Records for this exercise:

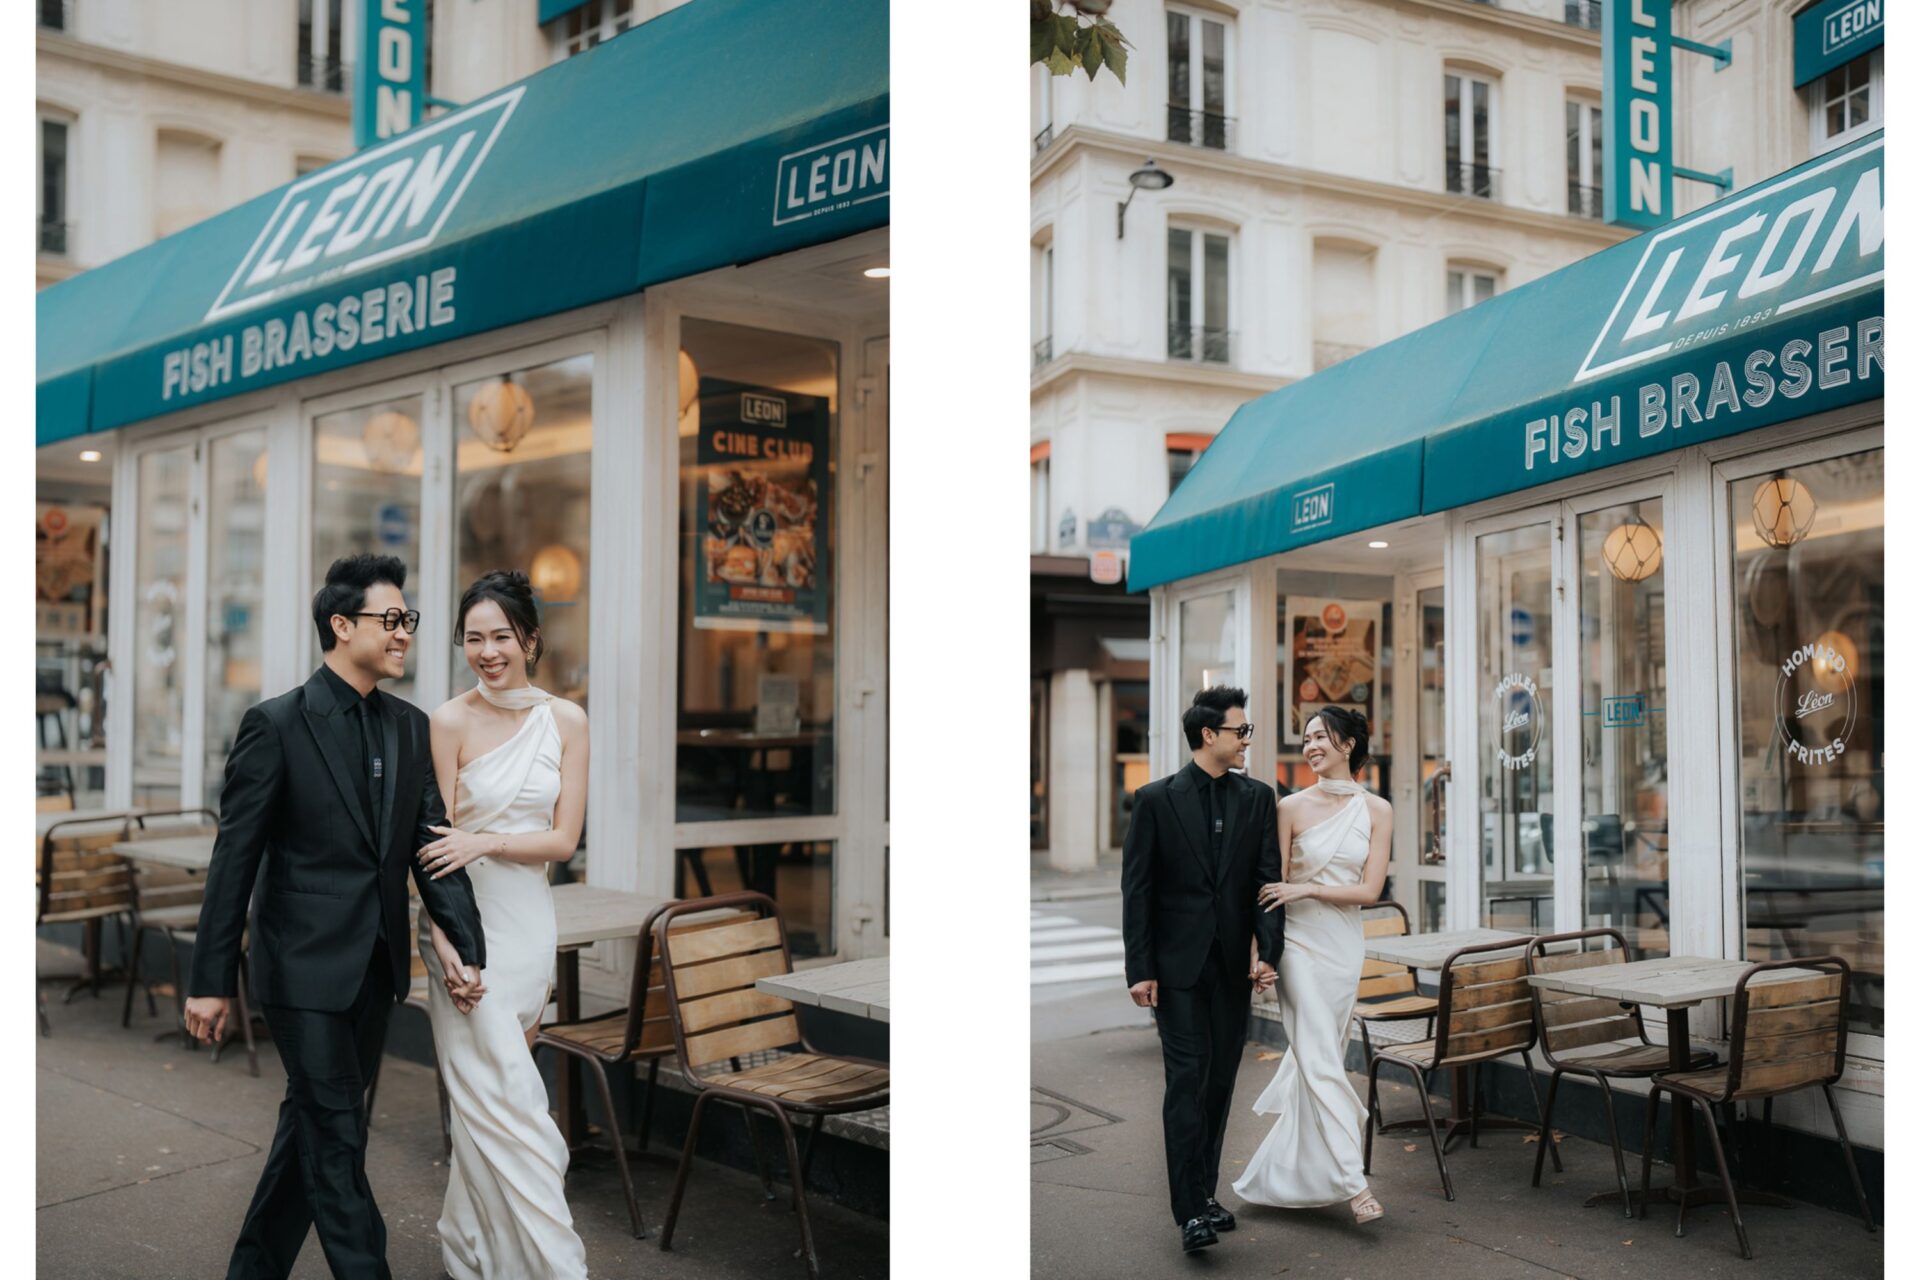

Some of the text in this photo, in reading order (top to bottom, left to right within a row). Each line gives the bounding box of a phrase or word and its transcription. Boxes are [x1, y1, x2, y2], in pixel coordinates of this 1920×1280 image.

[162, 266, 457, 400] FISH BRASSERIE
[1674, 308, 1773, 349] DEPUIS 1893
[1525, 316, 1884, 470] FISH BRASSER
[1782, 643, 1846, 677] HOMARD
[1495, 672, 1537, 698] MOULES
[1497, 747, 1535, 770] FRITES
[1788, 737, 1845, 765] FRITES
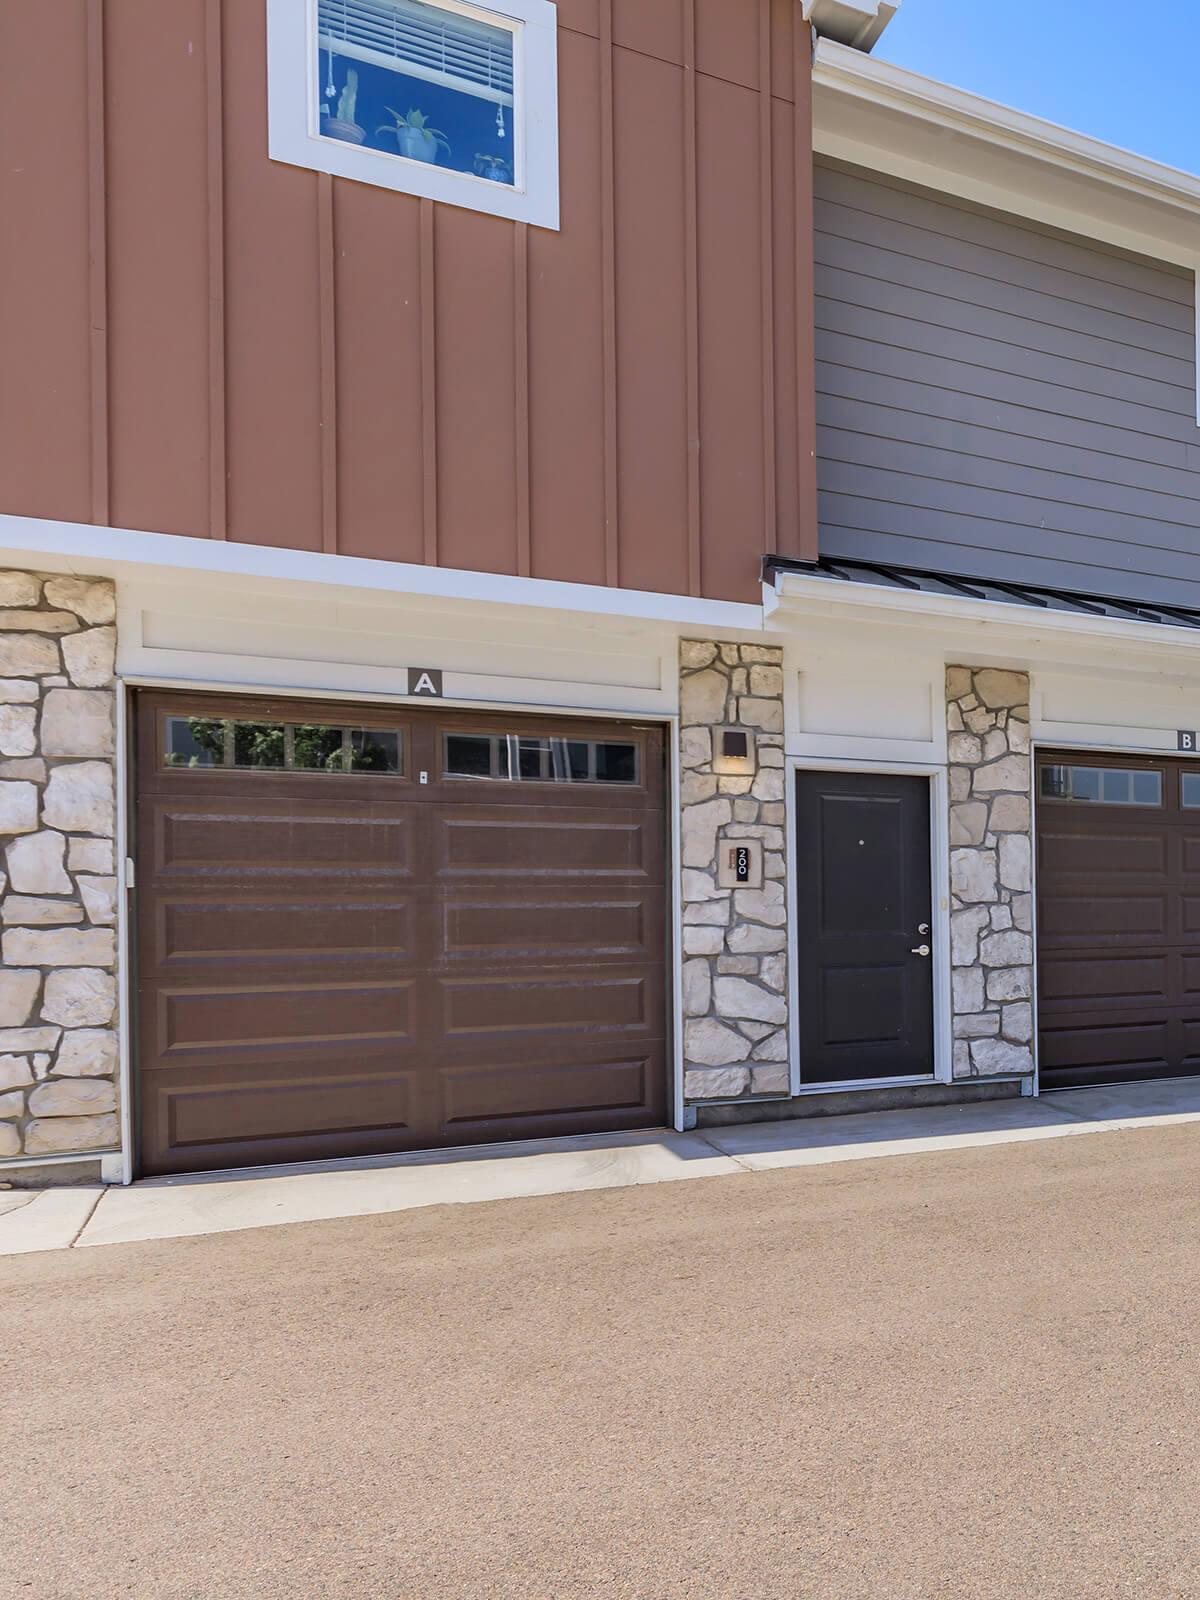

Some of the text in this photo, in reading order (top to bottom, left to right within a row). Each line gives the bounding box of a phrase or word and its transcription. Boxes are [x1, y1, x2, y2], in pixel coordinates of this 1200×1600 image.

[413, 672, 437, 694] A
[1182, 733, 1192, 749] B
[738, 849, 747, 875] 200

Activity:
Output the full set of records above without changing a word, and drop the images.

Exercise output:
Some of the text in this photo, in reading order (top to bottom, left to right within a row). Each line gives the bounding box of a phrase or word and its transcription. Boxes are [x1, y1, x2, y2], in pixel coordinates of this 1920×1280 image.

[162, 266, 457, 400] FISH BRASSERIE
[1674, 308, 1773, 349] DEPUIS 1893
[1525, 316, 1884, 470] FISH BRASSER
[1782, 643, 1846, 677] HOMARD
[1495, 672, 1537, 698] MOULES
[1497, 747, 1535, 770] FRITES
[1788, 737, 1845, 765] FRITES

Some of the text in this photo, in reading order (top to bottom, left to right within a row). Each line gives the bounding box of a phrase or word and its transcription. Boxes are [x1, y1, x2, y2], in pixel coordinates of this 1200×1600 image.

[413, 672, 437, 694] A
[1182, 733, 1192, 749] B
[738, 849, 747, 875] 200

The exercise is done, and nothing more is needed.